▸ **Problem to solve**: Could the entries below be reproduced exactly, with the images removed?

(Dataset items)
___

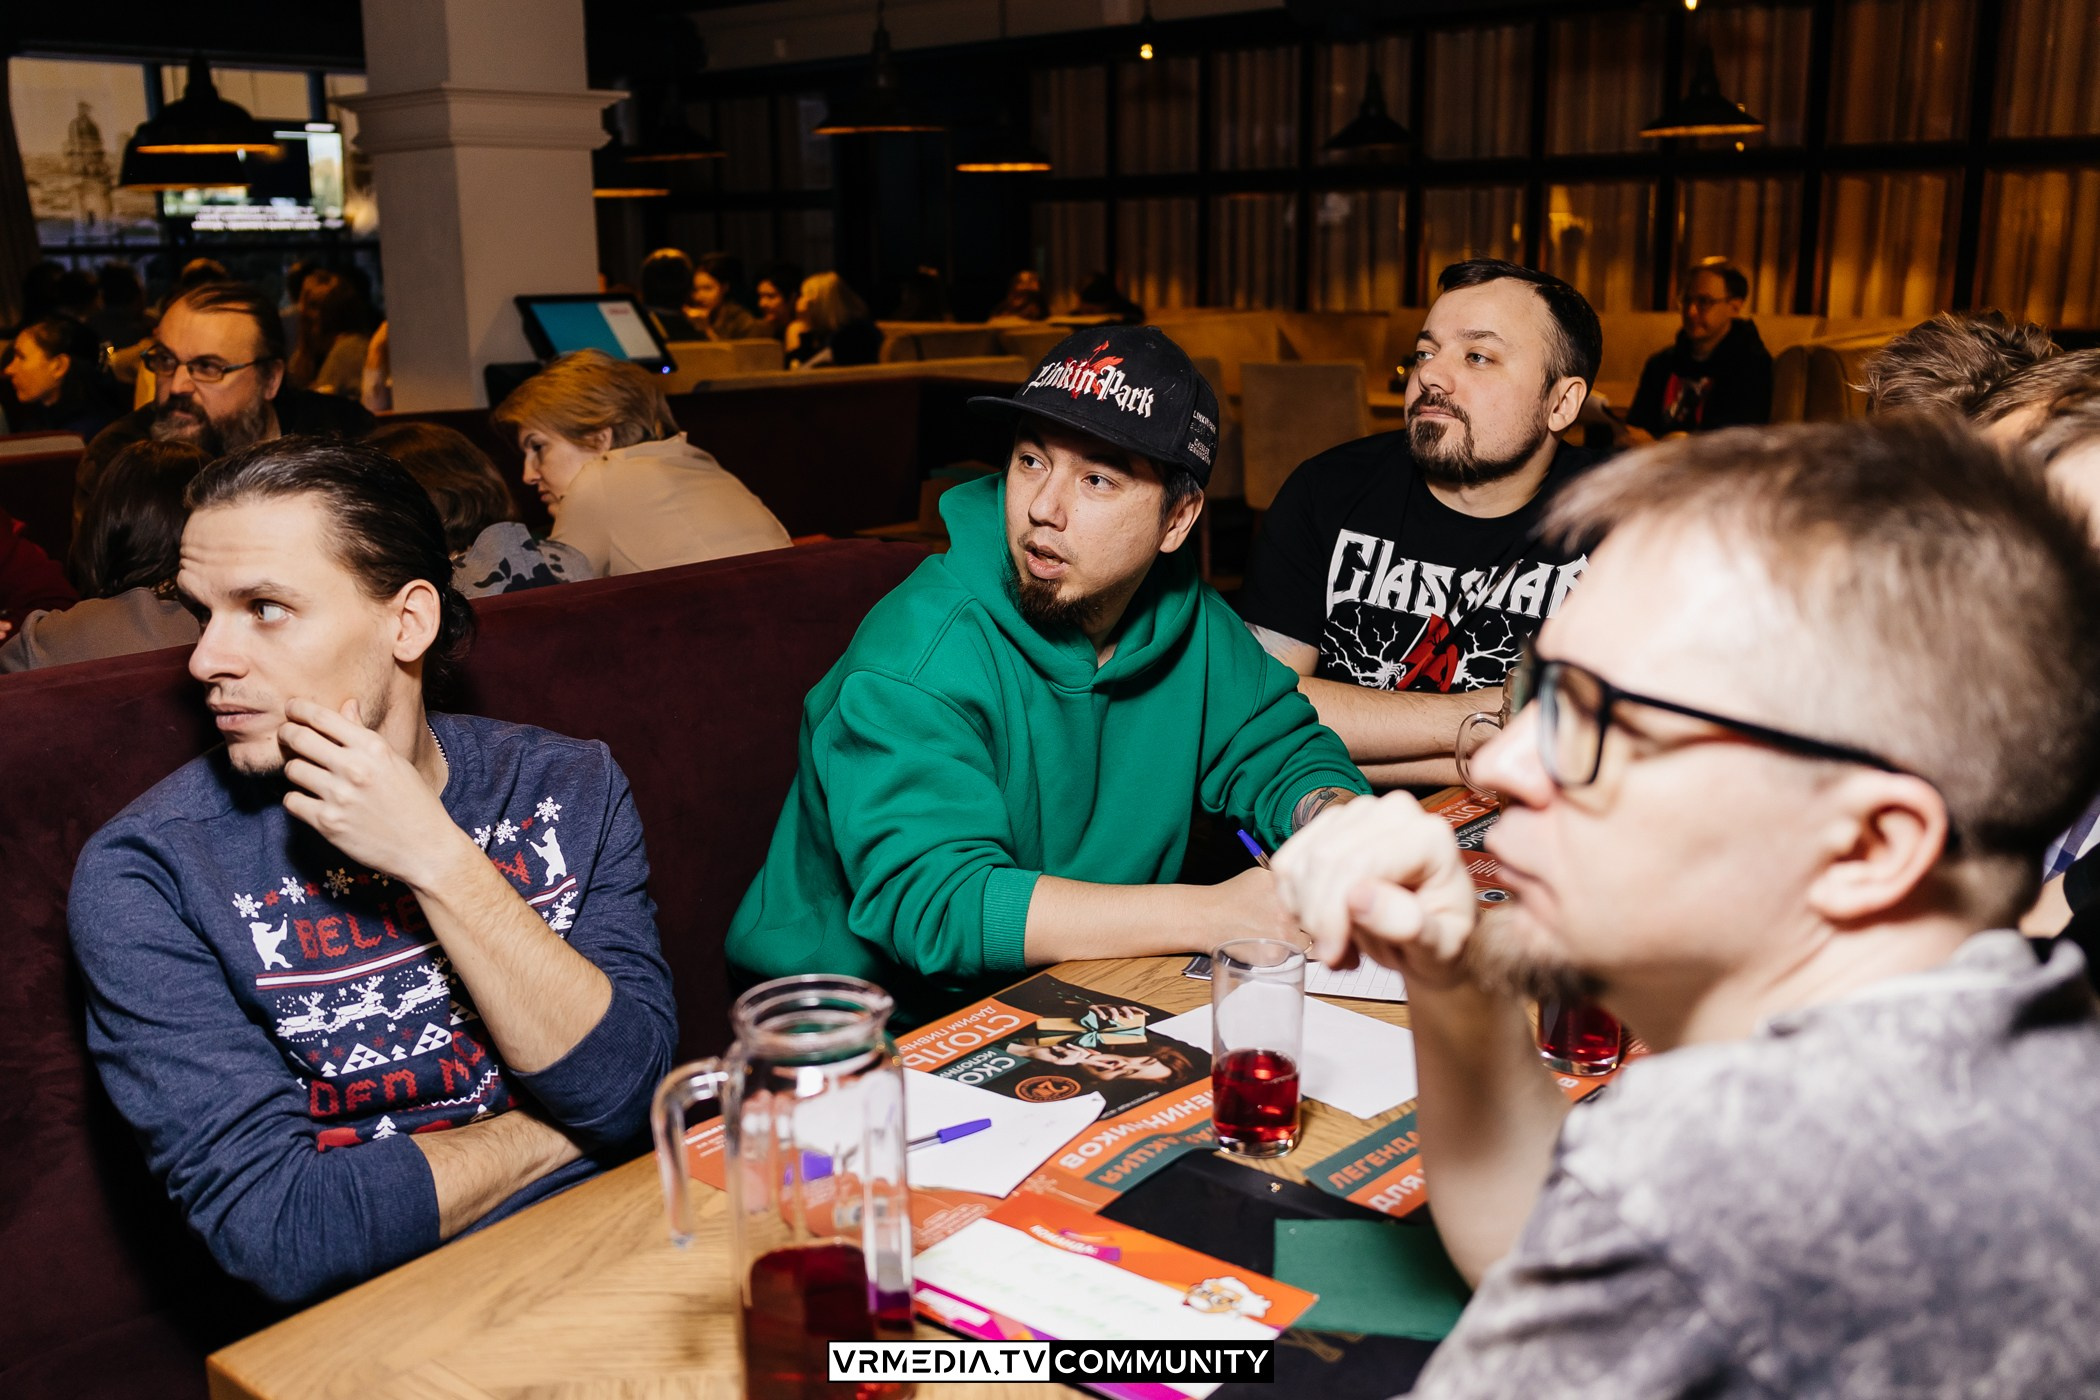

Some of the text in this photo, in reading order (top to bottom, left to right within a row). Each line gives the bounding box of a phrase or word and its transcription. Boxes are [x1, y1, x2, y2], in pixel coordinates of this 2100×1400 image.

[1097, 364, 1155, 418] Park
[898, 1005, 997, 1054] ДАРИМ ПИВНЫ
[901, 1014, 1020, 1067] СТОЛЬ
[939, 1050, 997, 1079] ИСПОЛНИ
[957, 1056, 1016, 1085] СКО
[1058, 1089, 1215, 1169] ЕНИННИКОВ
[1097, 1135, 1180, 1184] АКЦИЯ

___

▸ **Answer space**:
Some of the text in this photo, in reading order (top to bottom, left to right within a row). Each line gives the bounding box of a phrase or word and its transcription. Boxes are [x1, y1, x2, y2], in pixel coordinates of this 2100×1400 image.

[1097, 364, 1155, 418] Park
[898, 1005, 997, 1054] ДАРИМ ПИВНЫ
[901, 1014, 1020, 1067] СТОЛЬ
[939, 1050, 997, 1079] ИСПОЛНИ
[957, 1056, 1016, 1085] СКО
[1058, 1089, 1215, 1169] ЕНИННИКОВ
[1097, 1135, 1180, 1184] АКЦИЯ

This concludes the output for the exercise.